For many children with tarsal coalition, orthotics (shoe inserts) and physical therapy or casting help relieve symptoms significantly. However, if your child's symptoms are severe and continue to make everyday activities feel difficult, your physician might recommend surgery.
Specific treatments and services may vary by location. Please contact a specific location for more information.
Symptoms of Tarsal Coalition
Most children with tarsal coalition don't experience painful symptoms until sometime between the ages of 8 and 16. If your child begins complaining of any of the following symptoms, he or she might have tarsal coalition:
Pain: Usually around the ankle and top of the foot (although some children don't feel any pain).
Flat feet: Makes walking, especially on uneven surfaces, difficult. Children with flat feet or a flat foot caused by tarsal coalition might sprain their ankles more often.
Stiffness: Makes using the foot difficult or painful.
Muscle spasms: Might cause the leg to turn outward when walking.
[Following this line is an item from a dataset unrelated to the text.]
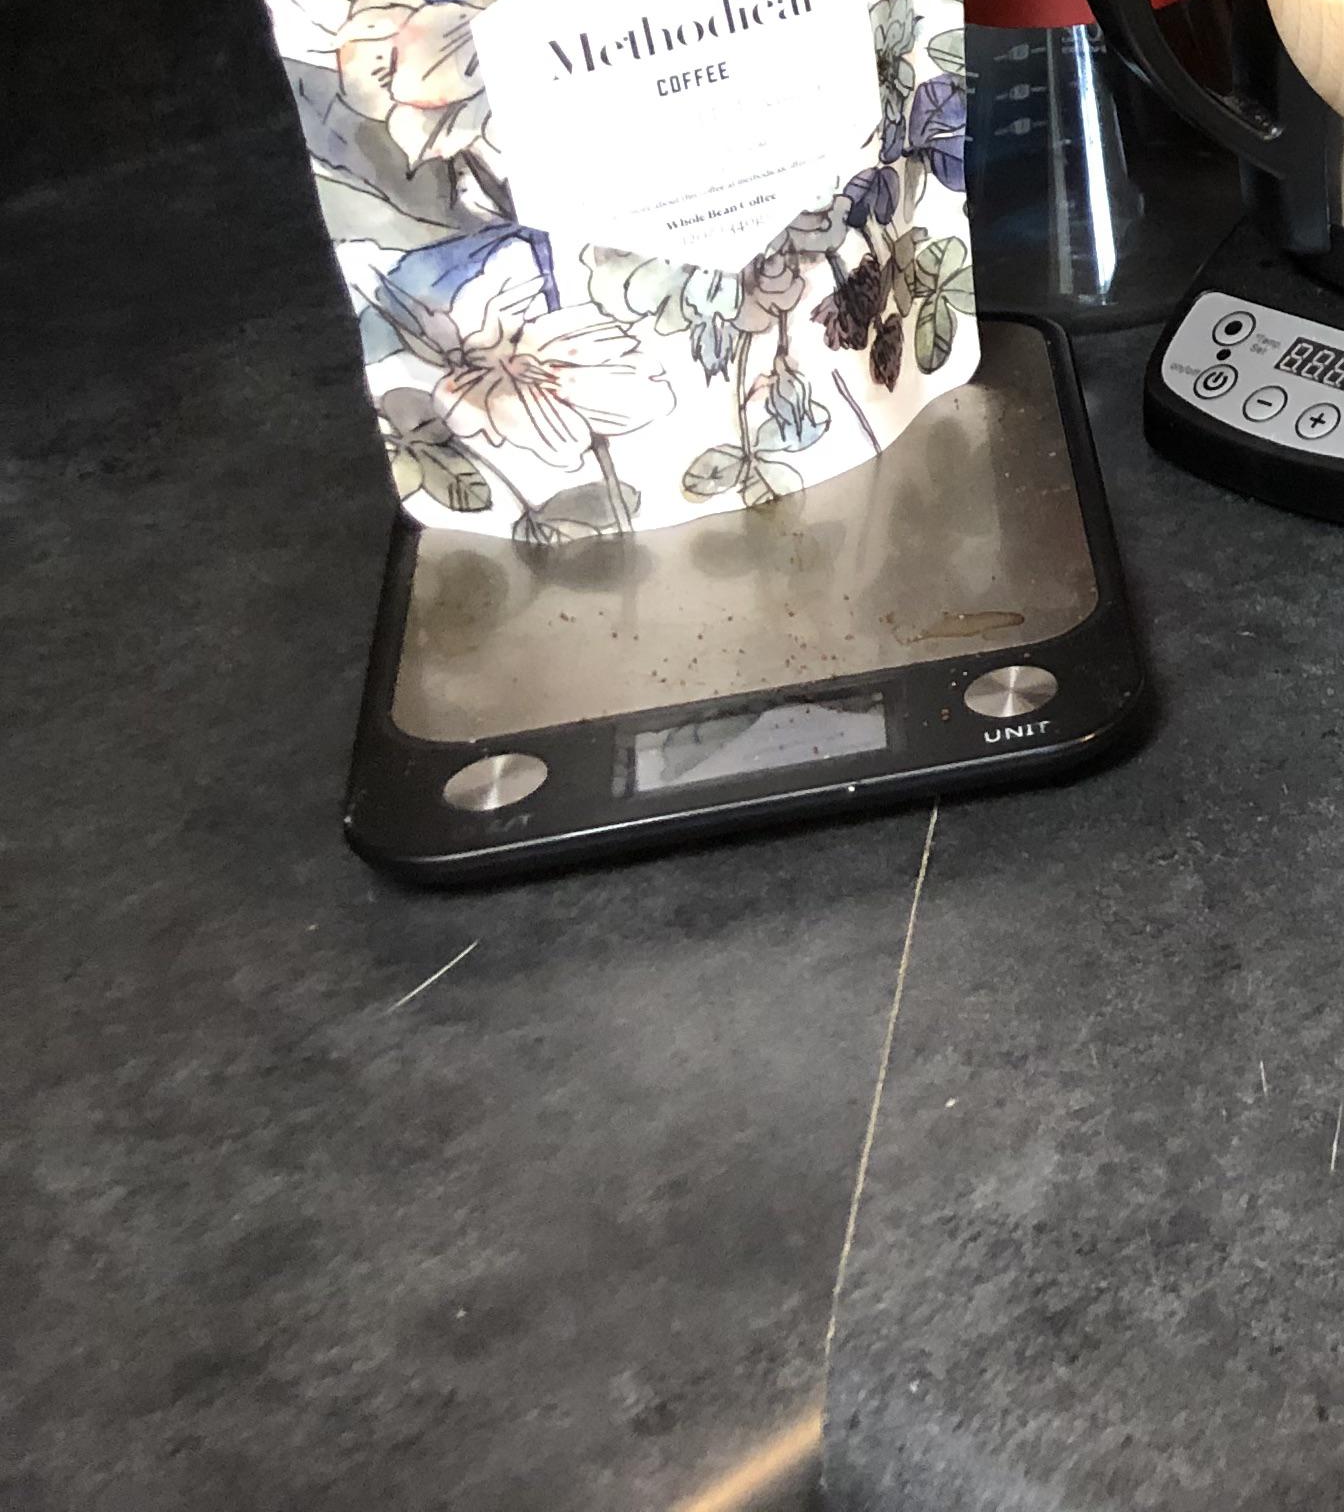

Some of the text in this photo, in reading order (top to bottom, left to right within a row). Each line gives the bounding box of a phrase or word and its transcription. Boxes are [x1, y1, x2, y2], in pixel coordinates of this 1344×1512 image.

Learn About Tarsal Coalition Treatments
Our award-winning physicians know every child is different. That's why your child's treatment plan for tarsal coalition is individualized. Here, you'll find some of the nonsurgical and surgical options your care team might suggest:
Sometimes a break from high-impact activities (like running and jumping) is all your child needs. After three to six months of rest, your physician will reassess the tarsal coalition.
Arch supports, shoe inserts, and other orthotic devices can help distribute your child’s weight, stabilize their foot, and relieve pain.
From stretching exercises to range-of-motion exercises and massage, our rehab specialists work with your child's care team to create a therapy plan designed to improve your child’s flexibility and stability.
Some children benefit from cortisone (steroid) shots, which can reduce pain and swelling when injected into the affected area.
If symptoms aren't relieved by nonsurgical treatment, your child's physician might suggest resection surgery. During this type of procedure, the tarsal coalition is removed from your child’s foot to allow for more normal range of motion.
If your child's tarsal coalition is severe, fusion surgery can significantly reduce pain. During the procedure, a pediatric orthopedic surgeon will realign the foot and ankle bones into their correct positions and stabilize the joints.